Well, sir, it didn’t make no diff’ence whether we’d been did befo’ or not, he ’lowed thet he wanted to see us vaccinated ag’in.

An’ so, of co’se, thinkin’ it might encour’ge him, we thess had it did over—tryin’ to coax him to consent after each one, an’ makin’ pertend like we enjoyed it.

Then, nothin’ would do but the nigger, Dicey, had to be did, an’ then he ’lowed thet he wanted the cat did, an’ I tried to strike a bargain with him thet if Kitty got vaccinated he would. But he wouldn’t comp’omise. He thess let on thet Kit had to be did whe’r or no. So I ast the doctor ef it would likely kill the cat, an’ he said he reckoned not, though it might sicken her a little. So I told him to go ahead. Well, sir, befo’ Sonny got thoo, he had had that cat an’ both dogs vaccinated—but let it tech hisself he would not.

I was mighty sorry not to have it did, ’cause they was a nigger thet had the smallpock down to Cedar Branch, fifteen mile away, an’ he didn’t die, neither. He got well. An’ they say when they git well they’re more fatal to a neighborhood ‘n when they die.
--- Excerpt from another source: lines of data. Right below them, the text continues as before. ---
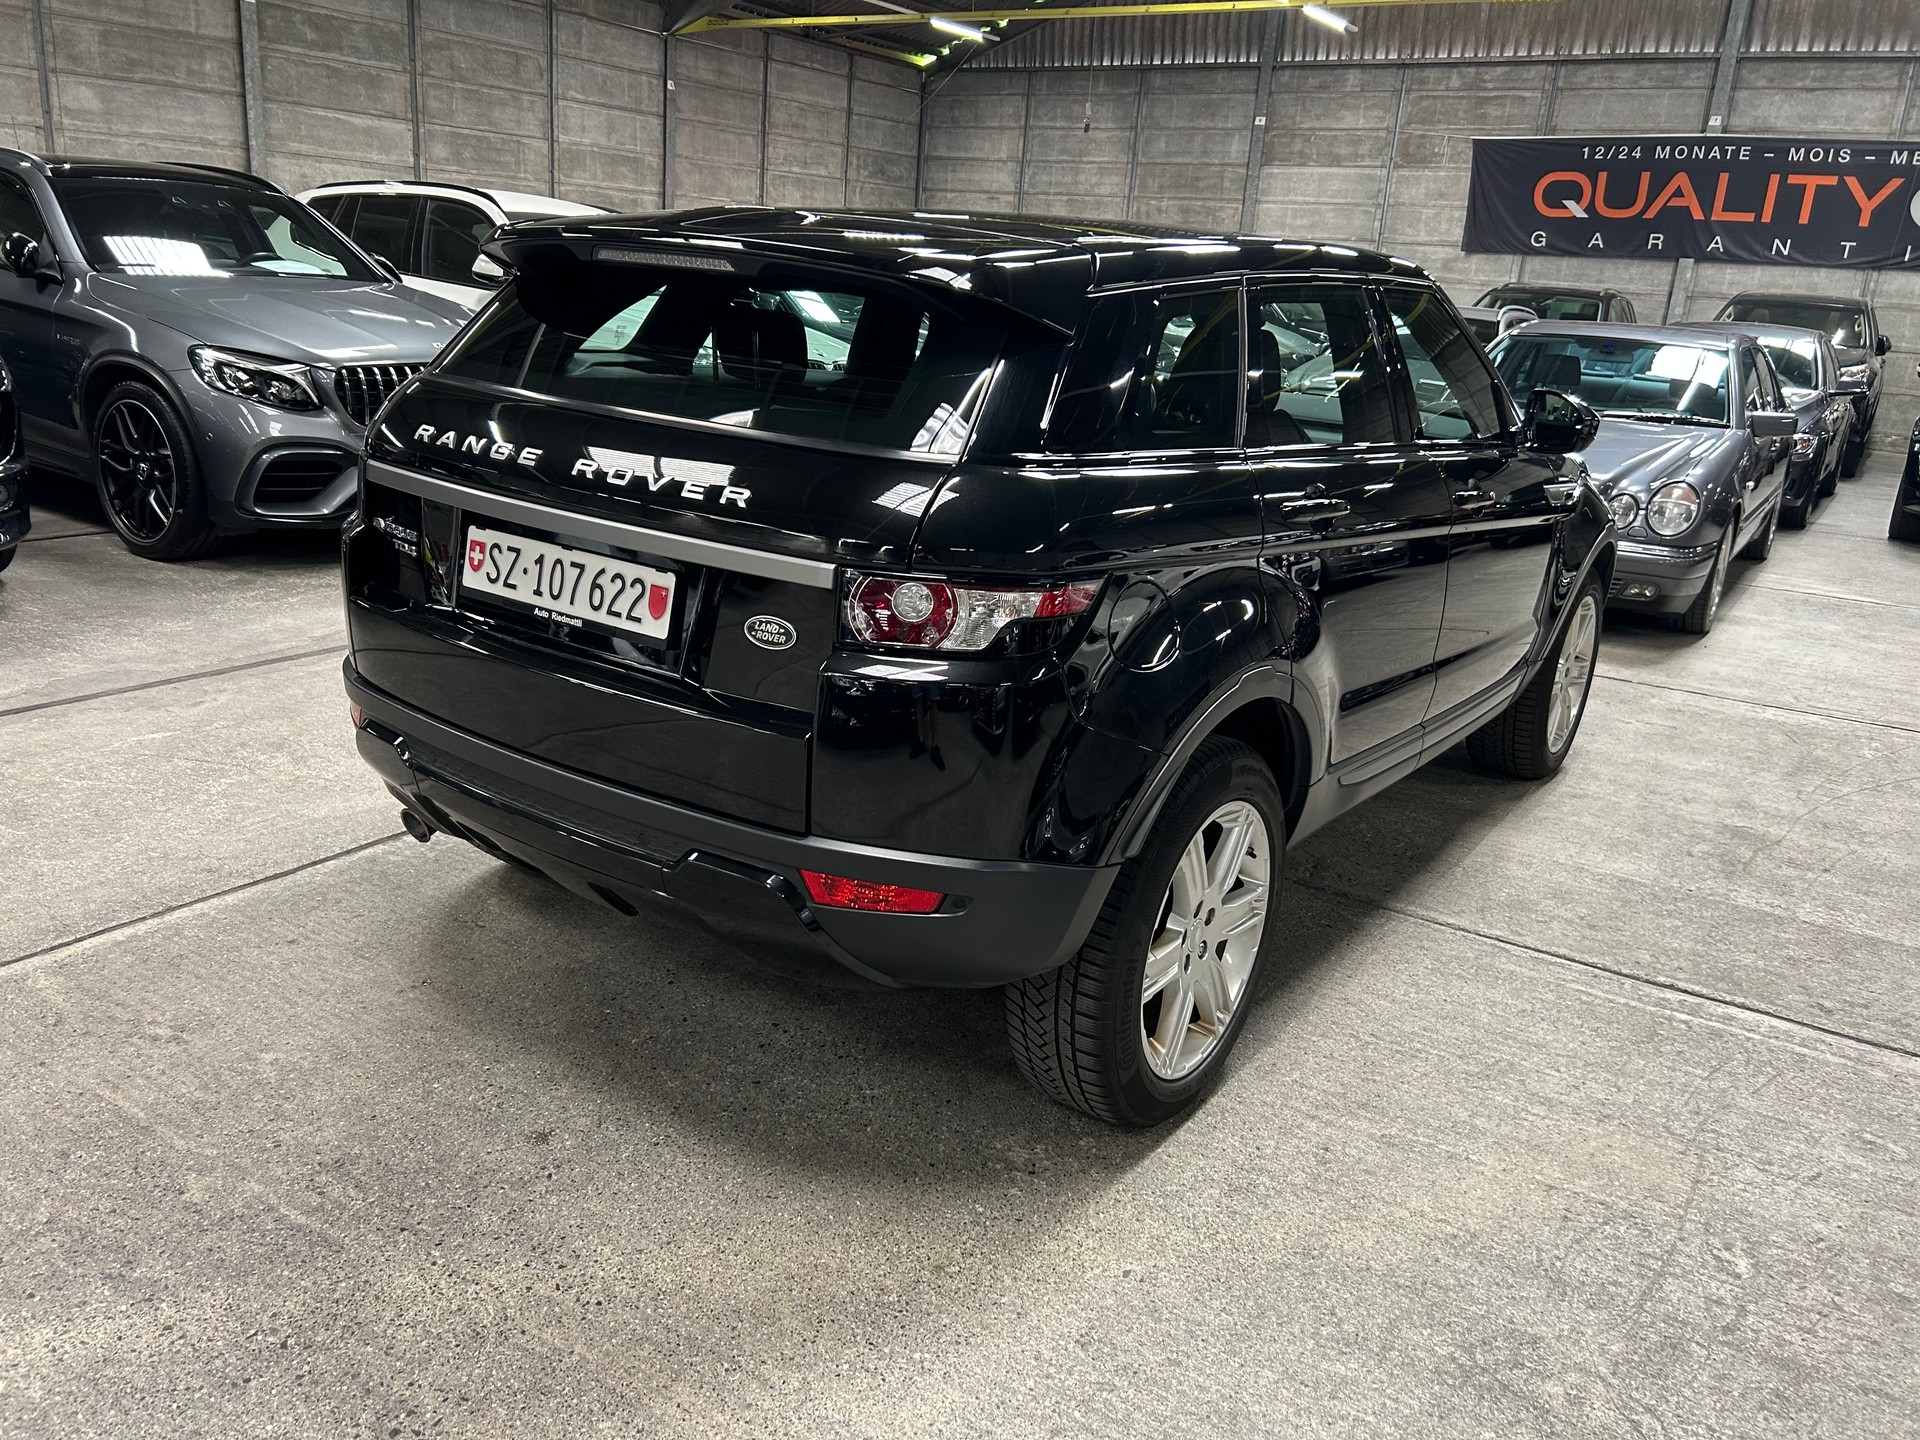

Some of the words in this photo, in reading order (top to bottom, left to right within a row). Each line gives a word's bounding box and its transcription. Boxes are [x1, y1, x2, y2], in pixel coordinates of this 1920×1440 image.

[1582, 145, 1641, 159] 12/24
[1655, 145, 1751, 160] MONATE
[1788, 147, 1851, 162] MOIS
[1533, 171, 1906, 228] QUALITY
[413, 424, 543, 466] RANGE
[572, 458, 752, 508] ROVER
[533, 607, 549, 618] Auto
[1117, 957, 1139, 1071] Continental
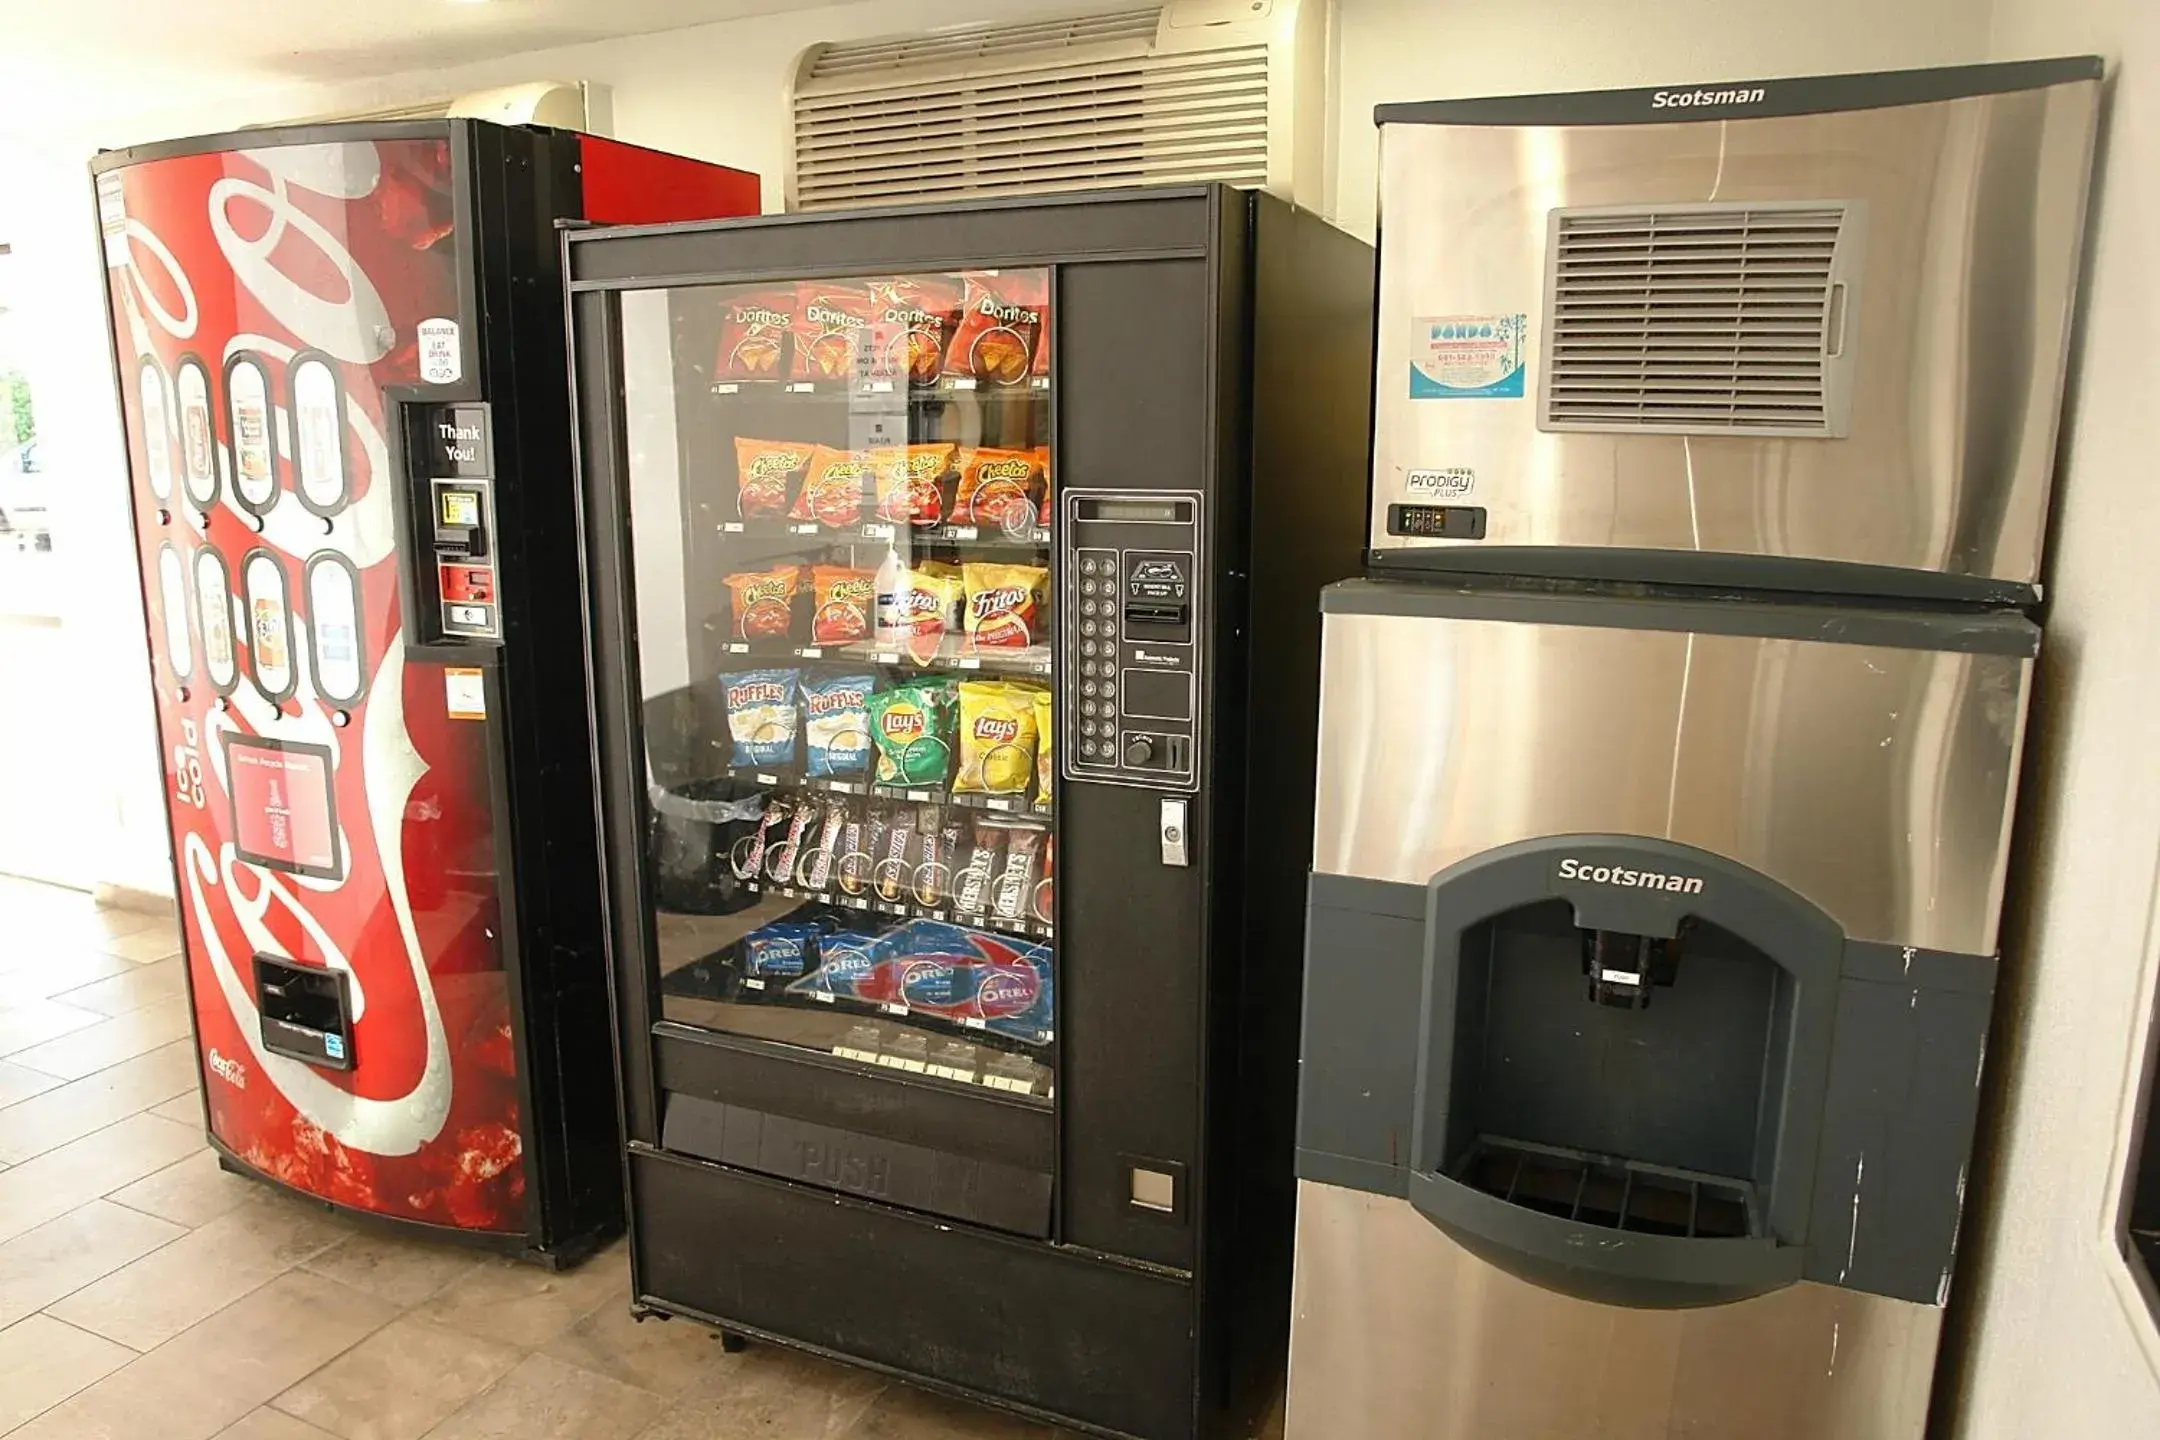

That was fo’ months ago now, but to this day ever’ time the wind blows from sou’west I feel oneasy, an’ try to entice Sonny to play on the far side o’ the house.

Well, sir, in about ten days after that we was the down-in-the-mouthest crowd on that farm, man an’ beast, thet you ever see. Ever’ last one o’ them vaccinations took, sir, an’ took severe, from the cat up.

But I reckon we’re all safe-t guarded now. They ain’t nothin’ on the place thet can fetch it to Sonny, an’ I trust, with care, he may never be exposed.

But I set out to tell you about Sonny’s christenin’ an’ us turnin’ ‘Piscopal. Ez I said, he never seemed to want baptism, though he had heard us discuss all his life both it an’ vaccination ez the two ordeels to be gone thoo with some time, an’ we’d speculate ez to whether vaccination would take or not, an’ all sech ez that, an’ then, ez I said, after he see what the vaccination was, why he was even mo’ prejudyced agin’ baptism ‘n ever, an’ we ’lowed to let it run on tell sech a time ez he’d decide what name he’d want to take an’ what denomination he’d want to bestow it on him.

Wife, she’s got some ‘Piscopal relations thet she sort o’ looks up to,—though she don’t own it,—but she was raised Methodist an’ I was raised a true-blue Presbyterian. But when we professed after Sonny come we went up together at Methodist meetin’. What we was after was righteous livin’, an’ we didn’t keer much which denomination helped us to it.